Task instructions: Repeat every record exactly as written, but leave out the pictures.

*** Begin section ***

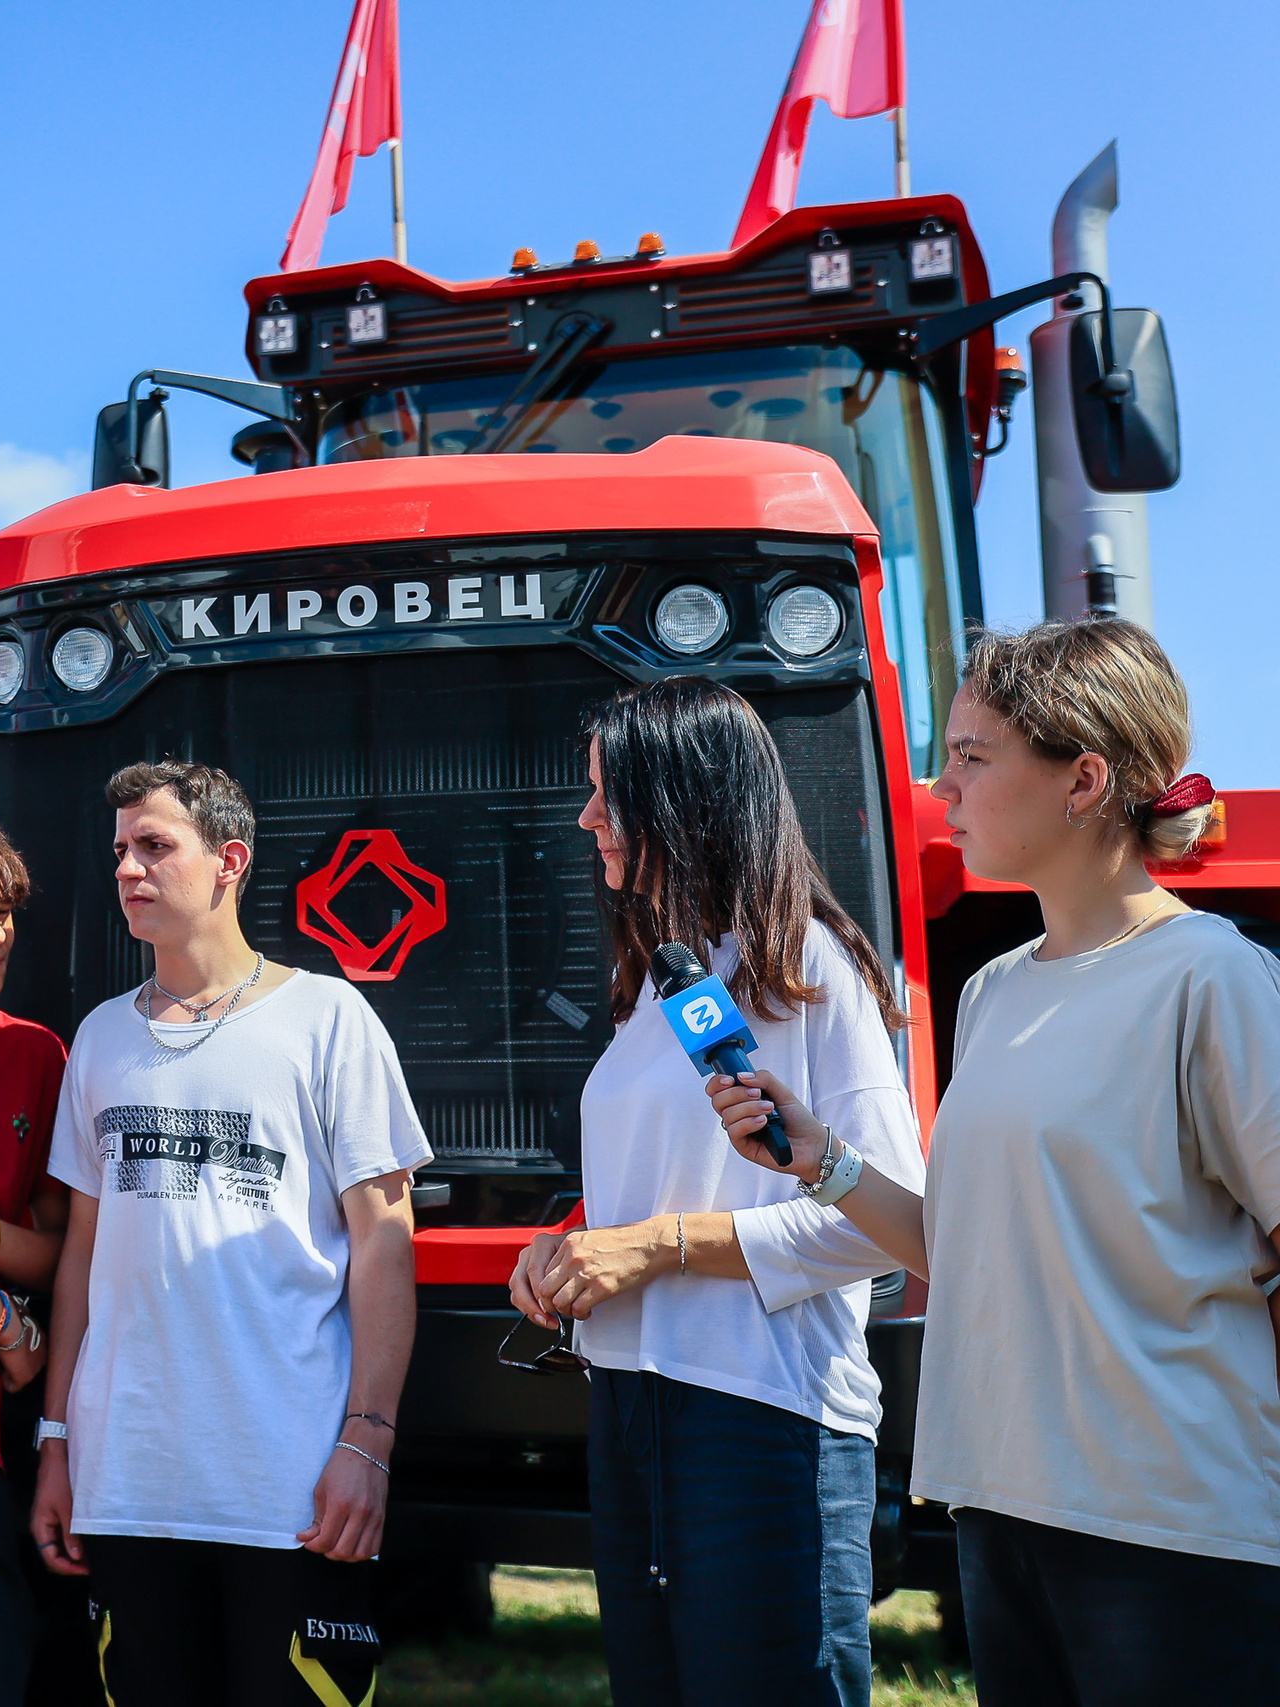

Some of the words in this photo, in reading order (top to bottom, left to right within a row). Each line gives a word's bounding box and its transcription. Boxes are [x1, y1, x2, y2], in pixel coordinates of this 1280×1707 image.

[181, 573, 546, 639] КИРОВЕЦ
[130, 1137, 201, 1157] WORLD
[205, 1138, 279, 1178] Denim
[171, 1192, 197, 1201] DENIM
[218, 1193, 276, 1213] APPAREL
[236, 1186, 270, 1200] CULTURE
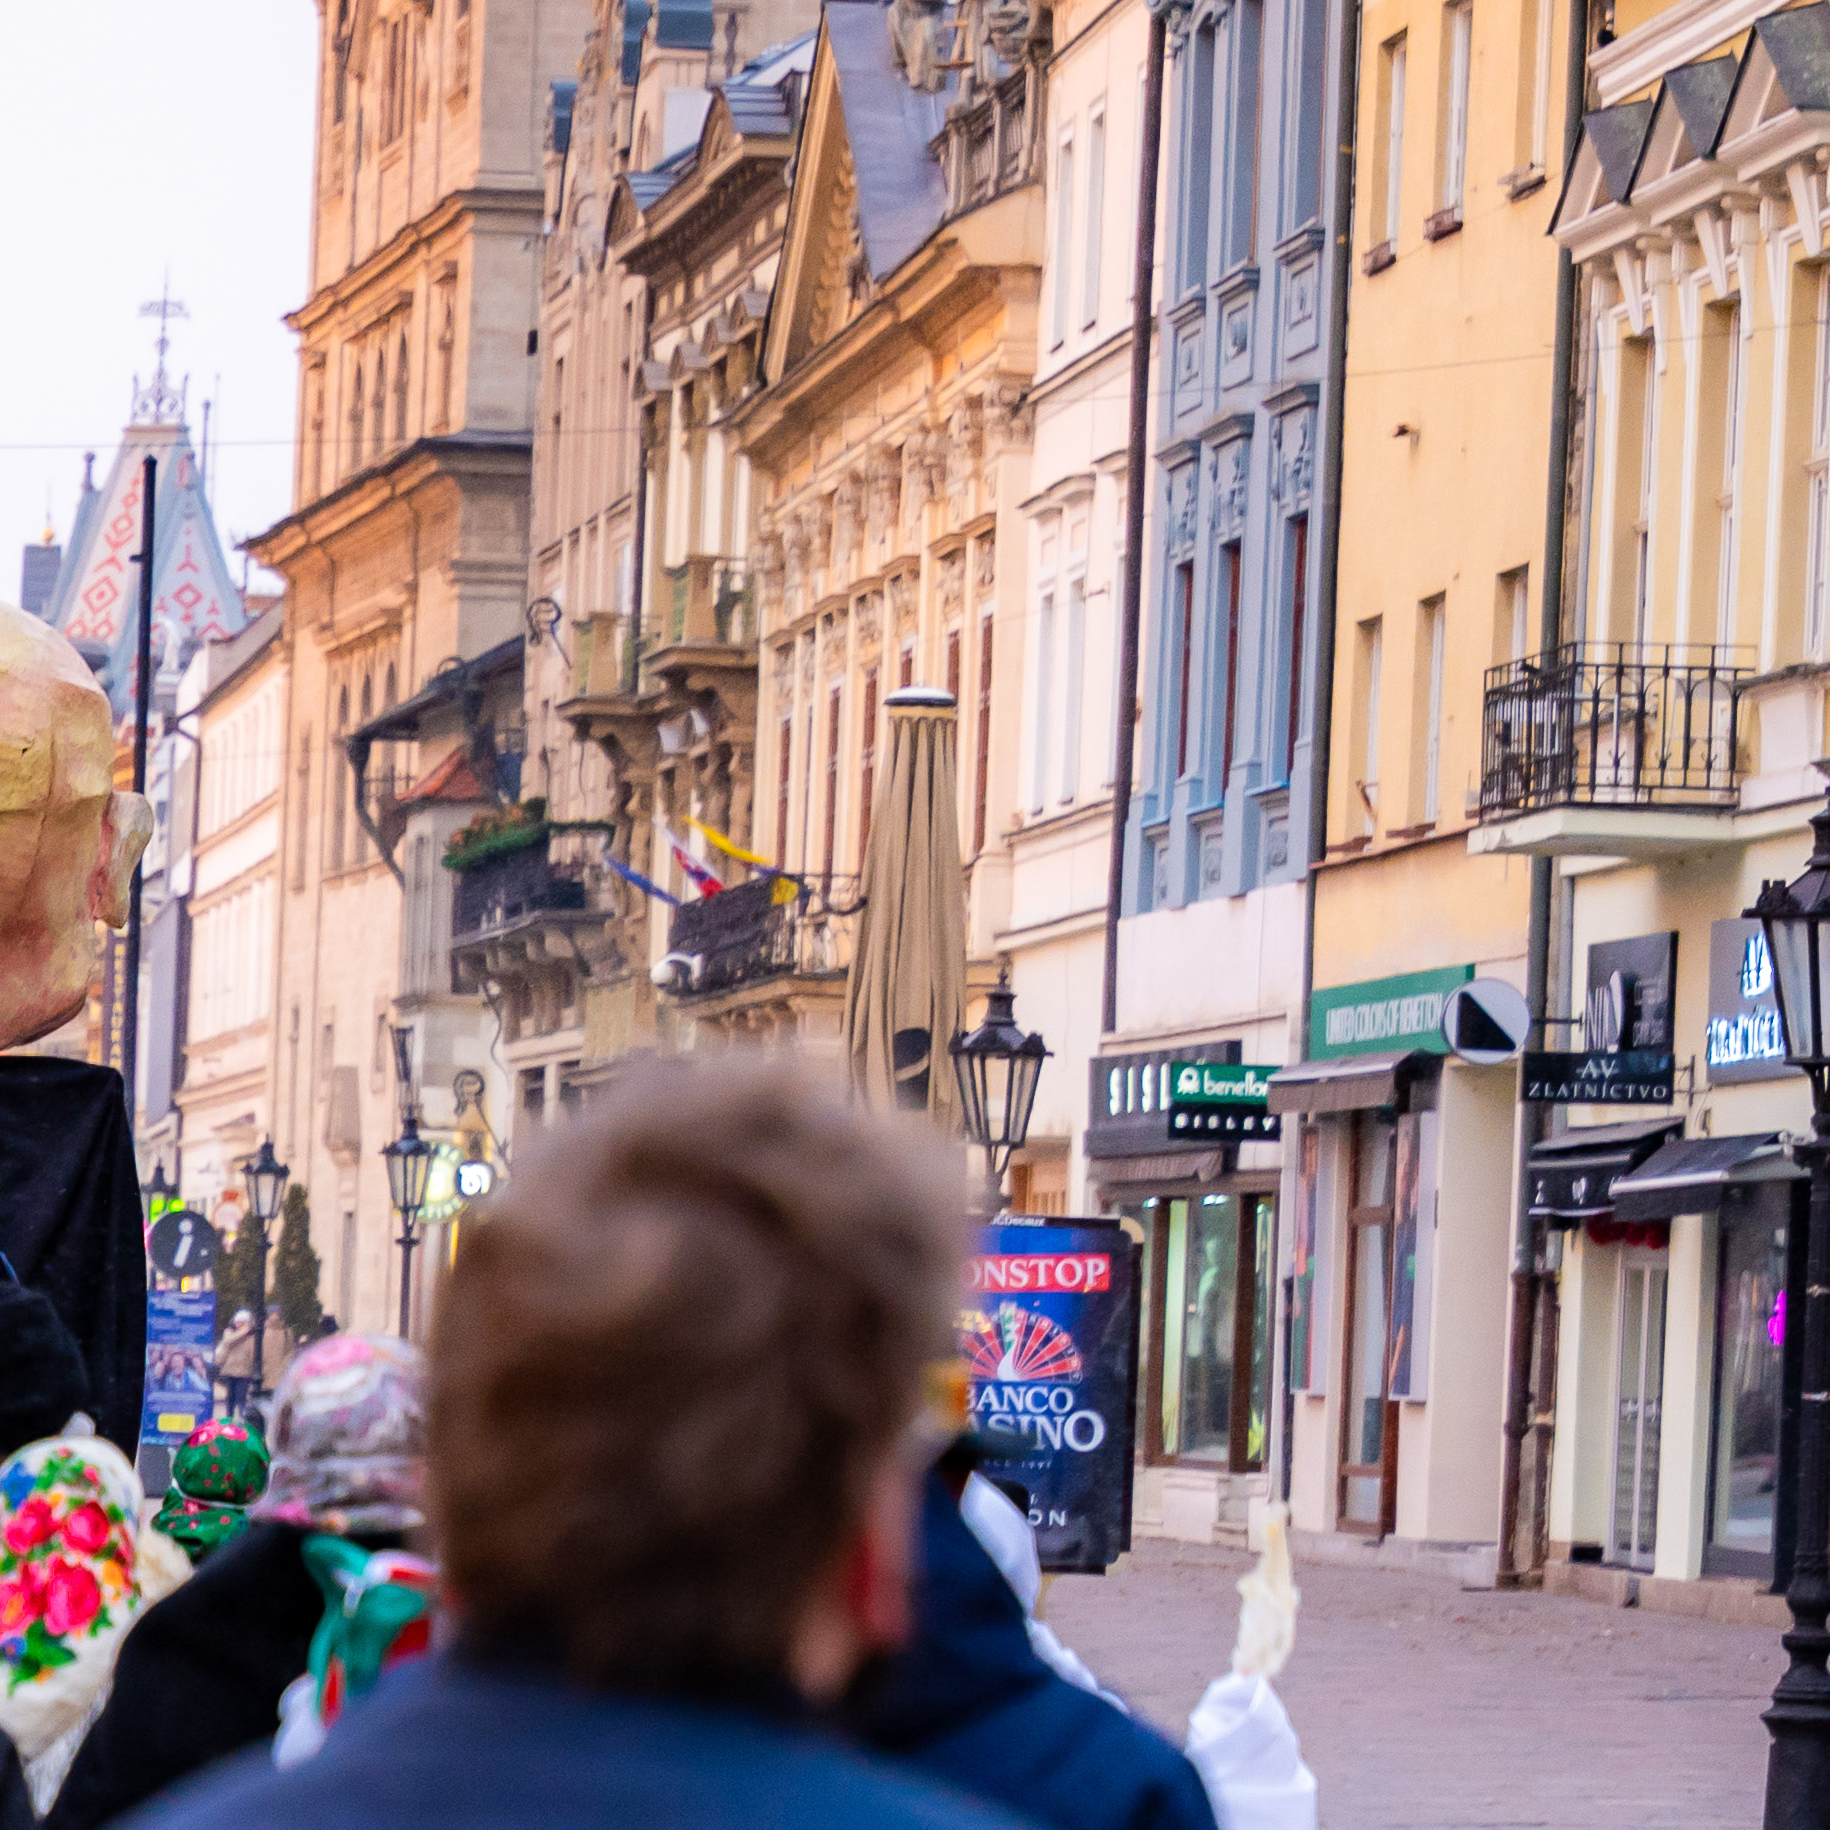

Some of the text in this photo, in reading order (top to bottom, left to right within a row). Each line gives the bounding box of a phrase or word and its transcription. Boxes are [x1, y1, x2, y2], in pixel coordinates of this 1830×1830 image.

[1108, 1062, 1172, 1116] SISL
[1528, 1078, 1669, 1100] ZLATNÍCTVO
[961, 1257, 1107, 1290] ONSTOP
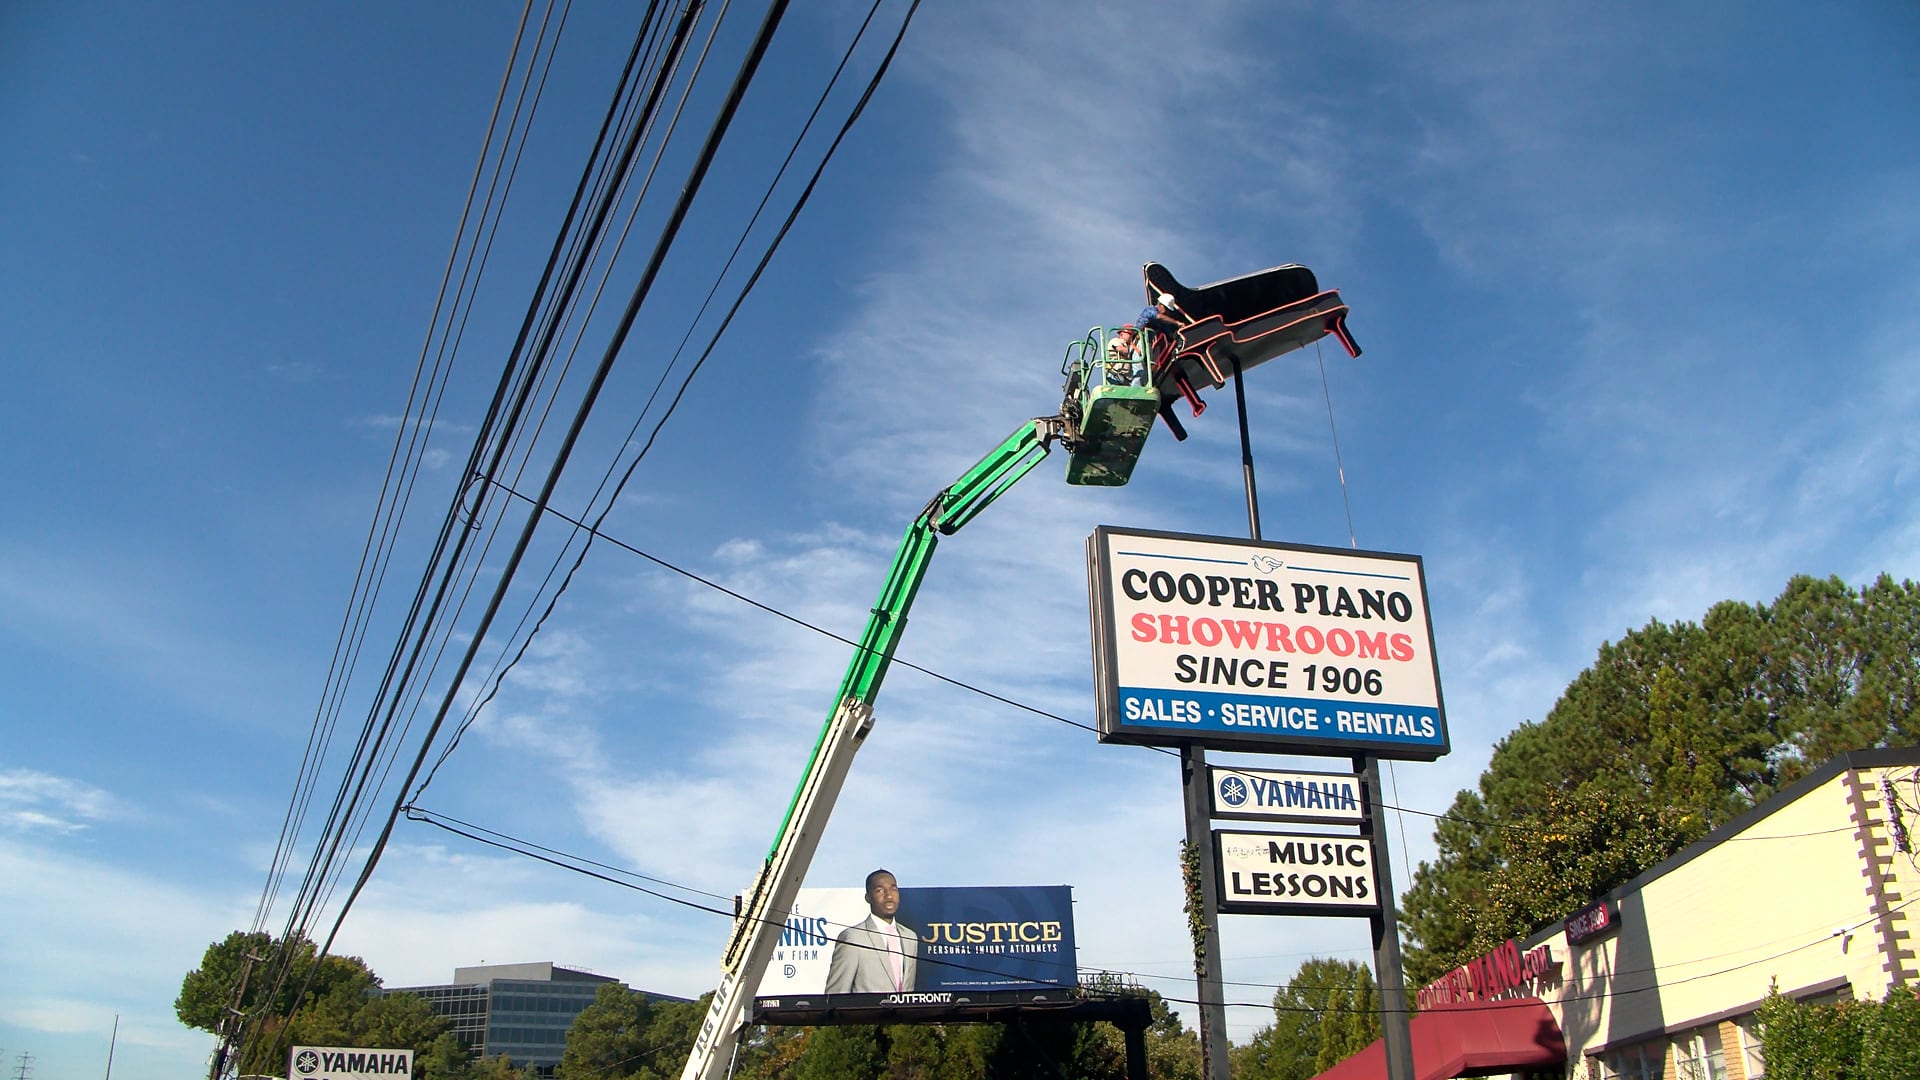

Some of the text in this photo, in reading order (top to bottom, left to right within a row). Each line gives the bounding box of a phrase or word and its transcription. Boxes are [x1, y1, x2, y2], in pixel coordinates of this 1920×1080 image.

[1122, 568, 1412, 623] COOPER PIANO
[1131, 612, 1415, 662] SHOWROOMS
[1175, 654, 1383, 696] SINCE 1906
[1125, 697, 1436, 738] SALES SERVICE RENTALS
[1250, 778, 1357, 811] YAMAHA
[1268, 841, 1367, 866] MUSIC
[1231, 872, 1369, 899] LESSONS
[778, 917, 828, 947] NNIS
[921, 921, 1062, 943] JUSTICE
[792, 950, 818, 961] FIRM
[927, 943, 1058, 955] PERSONAL INJURY ATTORNEYS
[321, 1052, 408, 1074] YAMAHA

*** End section ***

Your solution:
Some of the words in this photo, in reading order (top to bottom, left to right within a row). Each line gives a word's bounding box and its transcription. Boxes are [x1, y1, x2, y2], in pixel coordinates of this 1280×1707 image.

[181, 573, 546, 639] КИРОВЕЦ
[130, 1137, 201, 1157] WORLD
[205, 1138, 279, 1178] Denim
[171, 1192, 197, 1201] DENIM
[218, 1193, 276, 1213] APPAREL
[236, 1186, 270, 1200] CULTURE

Some of the text in this photo, in reading order (top to bottom, left to right within a row). Each line gives the bounding box of a phrase or word and its transcription. Boxes are [x1, y1, x2, y2], in pixel coordinates of this 1830×1830 image.

[1108, 1062, 1172, 1116] SISL
[1528, 1078, 1669, 1100] ZLATNÍCTVO
[961, 1257, 1107, 1290] ONSTOP

Some of the text in this photo, in reading order (top to bottom, left to right within a row). Each line gives the bounding box of a phrase or word and its transcription. Boxes are [x1, y1, x2, y2], in pixel coordinates of this 1920×1080 image.

[1122, 568, 1412, 623] COOPER PIANO
[1131, 612, 1415, 662] SHOWROOMS
[1175, 654, 1383, 696] SINCE 1906
[1125, 697, 1436, 738] SALES SERVICE RENTALS
[1250, 778, 1357, 811] YAMAHA
[1268, 841, 1367, 866] MUSIC
[1231, 872, 1369, 899] LESSONS
[778, 917, 828, 947] NNIS
[921, 921, 1062, 943] JUSTICE
[792, 950, 818, 961] FIRM
[927, 943, 1058, 955] PERSONAL INJURY ATTORNEYS
[321, 1052, 408, 1074] YAMAHA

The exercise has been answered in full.